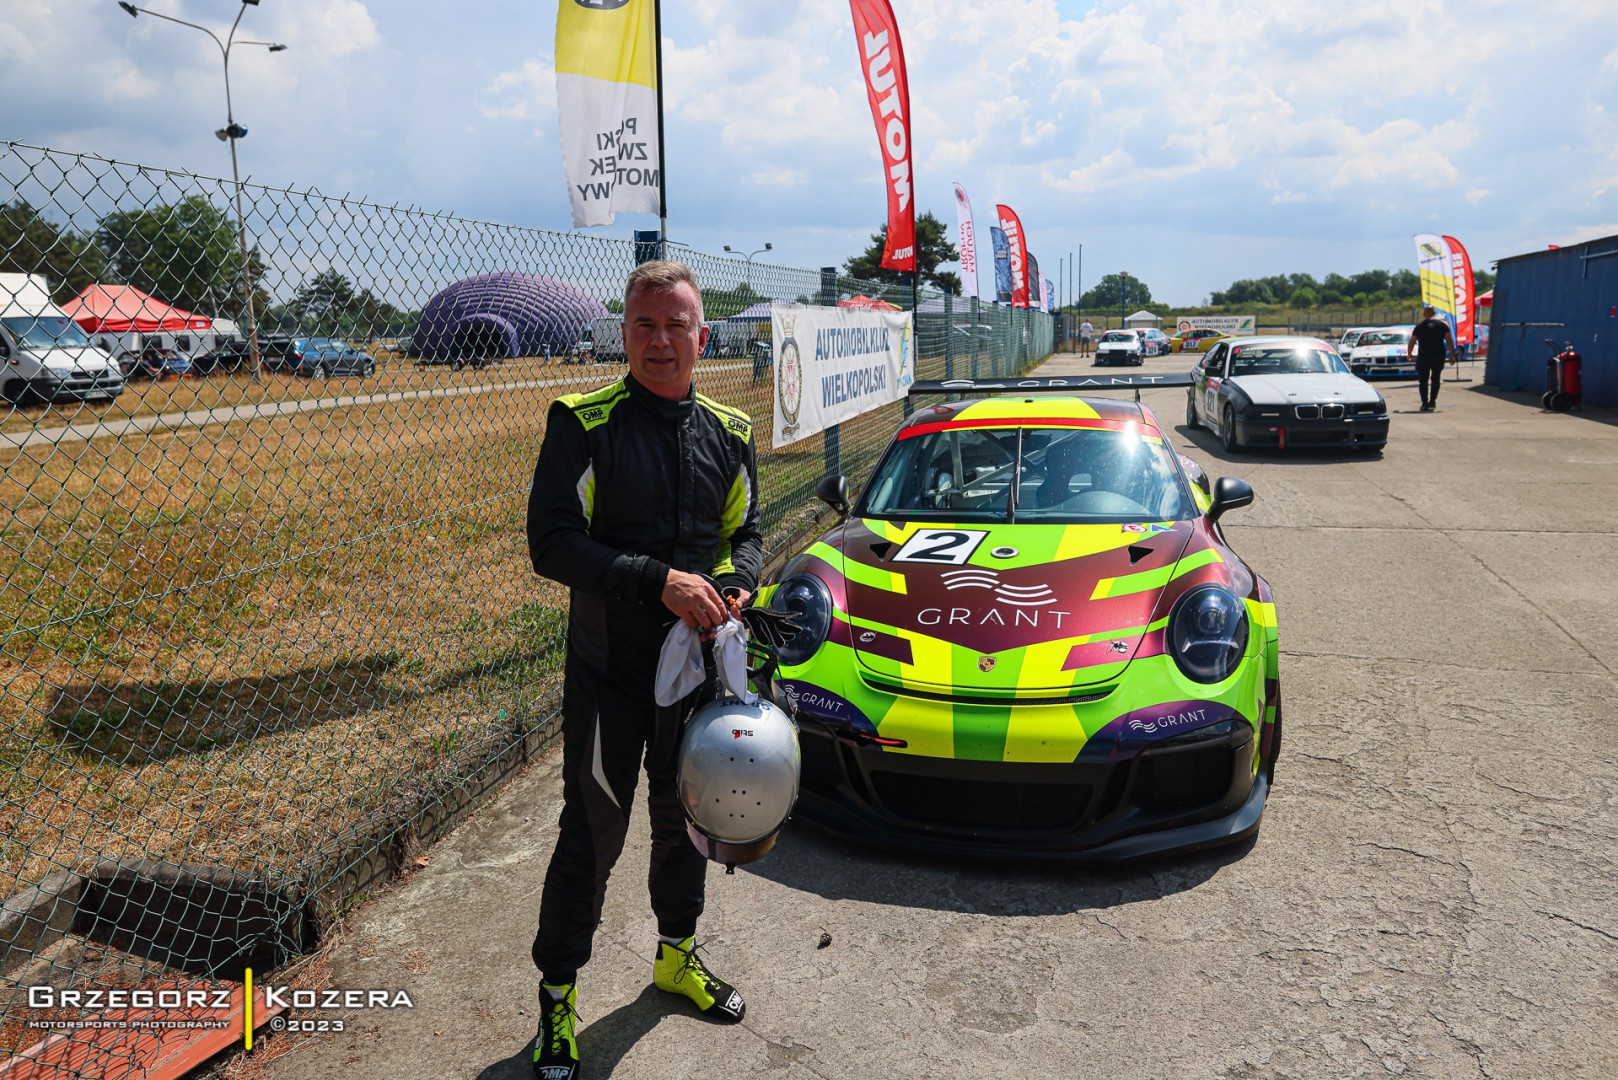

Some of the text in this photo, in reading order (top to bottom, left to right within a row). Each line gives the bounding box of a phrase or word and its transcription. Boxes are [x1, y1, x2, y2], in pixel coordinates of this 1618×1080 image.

[815, 327, 890, 361] AUTOMOBILKLUB
[821, 364, 886, 408] WIELKOPOLSKI
[1017, 376, 1165, 387] GRANT
[582, 410, 604, 421] OMP
[728, 419, 748, 433] OMP
[906, 530, 970, 563] 2
[917, 607, 1072, 629] GRANT
[801, 692, 844, 713] GRANT
[1158, 709, 1206, 728] GRANT
[729, 992, 743, 1010] OM
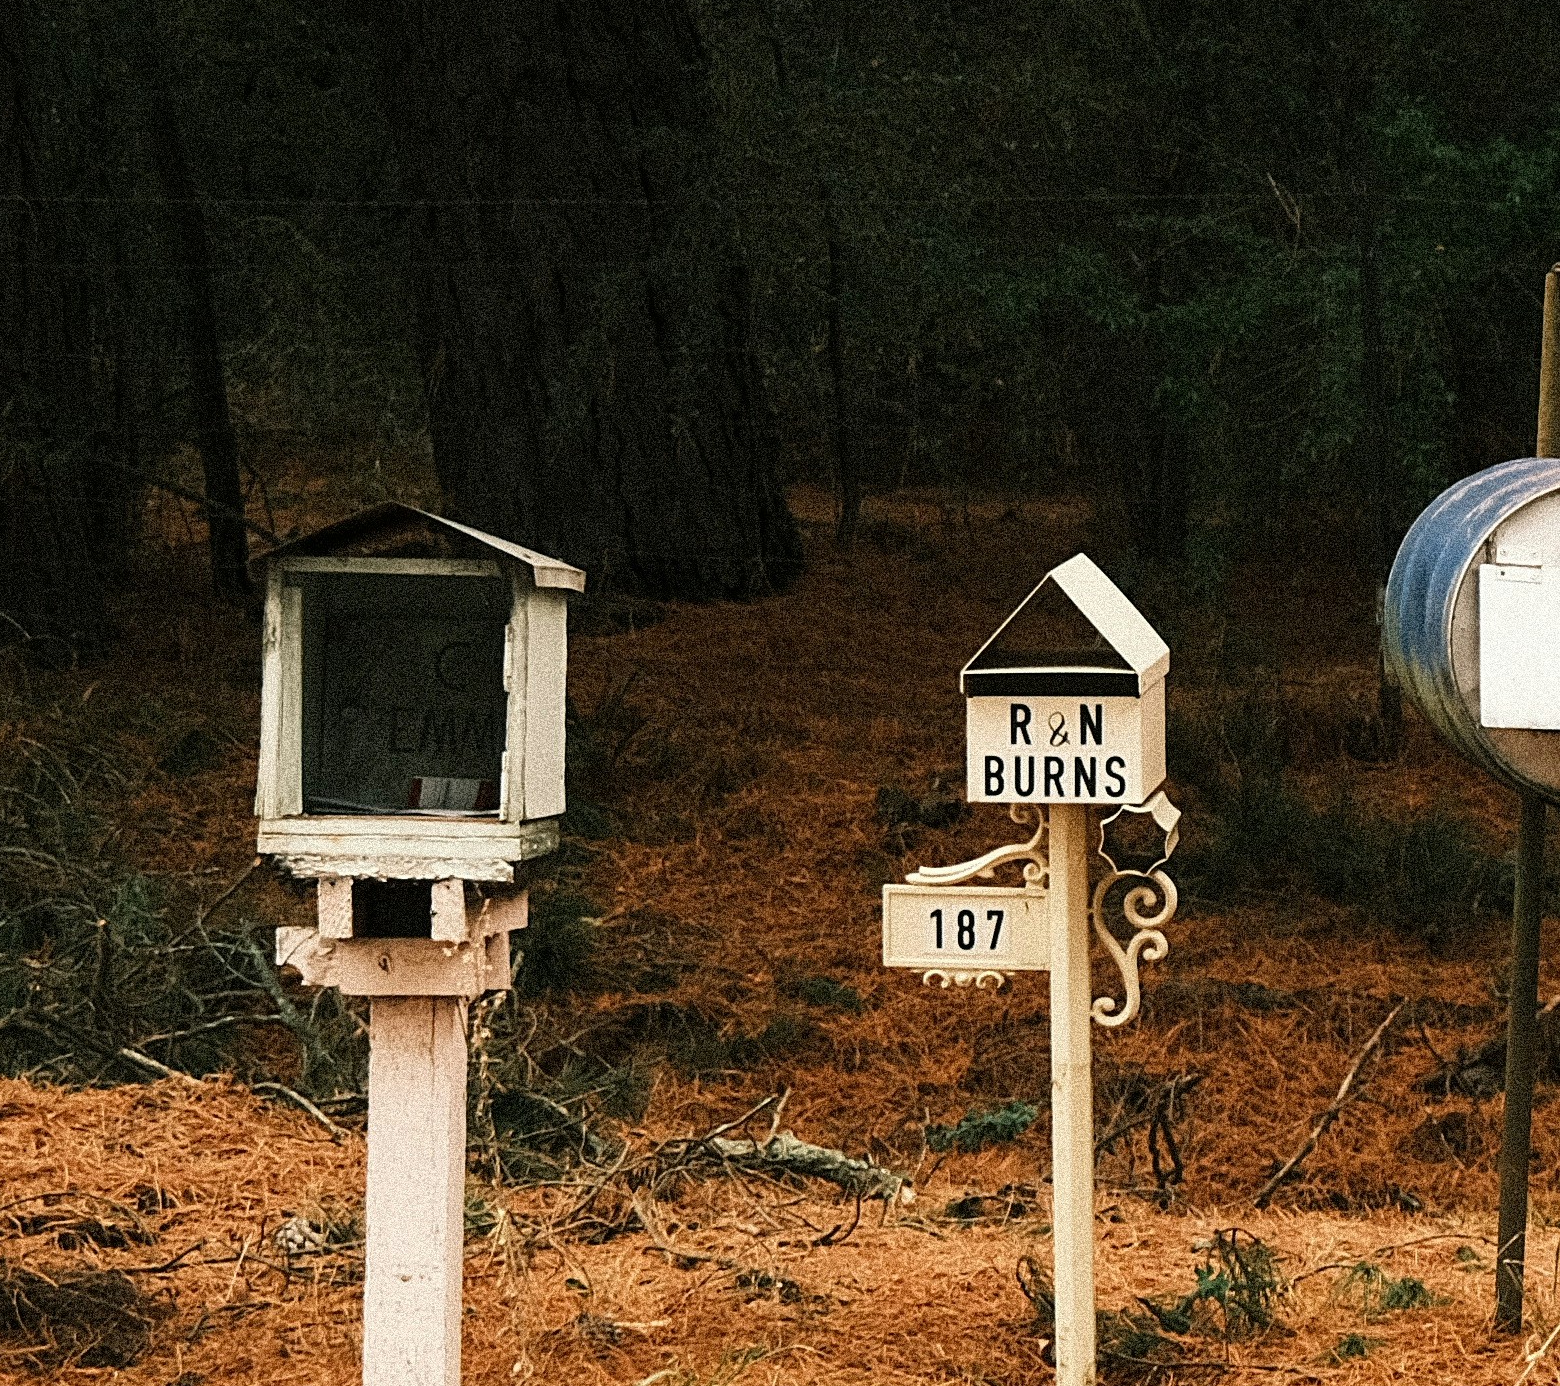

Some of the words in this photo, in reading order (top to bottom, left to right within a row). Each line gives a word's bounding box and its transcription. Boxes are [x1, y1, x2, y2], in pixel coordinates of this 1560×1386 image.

[1010, 703, 1032, 746] R
[1047, 710, 1071, 747] &
[1080, 703, 1103, 746] N
[984, 755, 1127, 797] BURNS
[929, 908, 1005, 951] 187
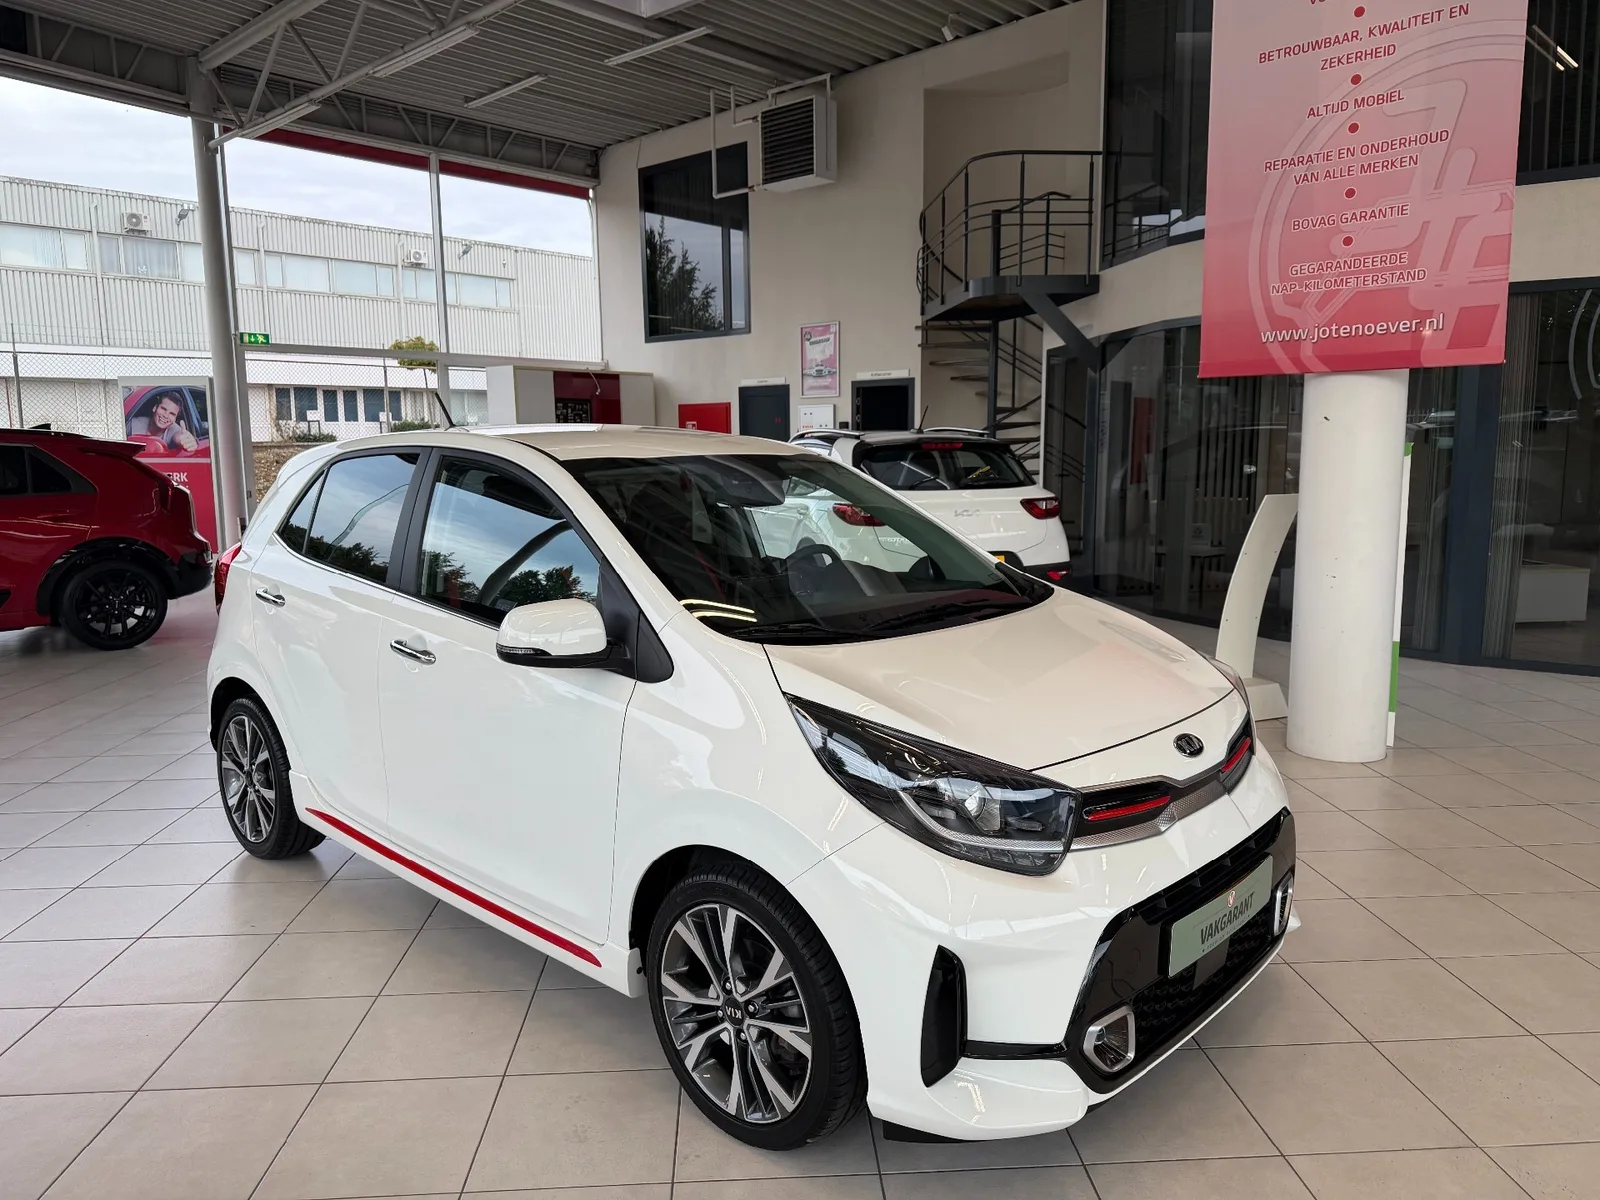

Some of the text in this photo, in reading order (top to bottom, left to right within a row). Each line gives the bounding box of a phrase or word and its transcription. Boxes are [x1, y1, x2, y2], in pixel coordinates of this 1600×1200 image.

[1258, 3, 1469, 64] BETROUWBAAR, KWALITEIT EN
[1320, 43, 1397, 71] ZEKERHEID
[1306, 89, 1405, 119] ALTIJD MOBIEL
[1264, 129, 1449, 173] REPARATIE EN ONDERHOUD
[1293, 154, 1419, 186] VAN ALLE MERKEN
[1292, 204, 1409, 232] BOVAG GARANTIE
[1289, 252, 1408, 277] GEGARANDEERDE
[1270, 268, 1427, 296] NAP-KILOMETERSTAND
[1260, 313, 1445, 343] www.jotenoever.nl
[1200, 892, 1255, 945] VAKGARANT
[725, 1005, 742, 1019] KIA

==============================

Beginning with the line that contains "this 1600×1200 image.", each line of the records above through the last one must be printed word for word.

- RESULT OF THE EXERCISE -
Some of the text in this photo, in reading order (top to bottom, left to right within a row). Each line gives the bounding box of a phrase or word and its transcription. Boxes are [x1, y1, x2, y2], in pixel coordinates of this 1600×1200 image.

[1258, 3, 1469, 64] BETROUWBAAR, KWALITEIT EN
[1320, 43, 1397, 71] ZEKERHEID
[1306, 89, 1405, 119] ALTIJD MOBIEL
[1264, 129, 1449, 173] REPARATIE EN ONDERHOUD
[1293, 154, 1419, 186] VAN ALLE MERKEN
[1292, 204, 1409, 232] BOVAG GARANTIE
[1289, 252, 1408, 277] GEGARANDEERDE
[1270, 268, 1427, 296] NAP-KILOMETERSTAND
[1260, 313, 1445, 343] www.jotenoever.nl
[1200, 892, 1255, 945] VAKGARANT
[725, 1005, 742, 1019] KIA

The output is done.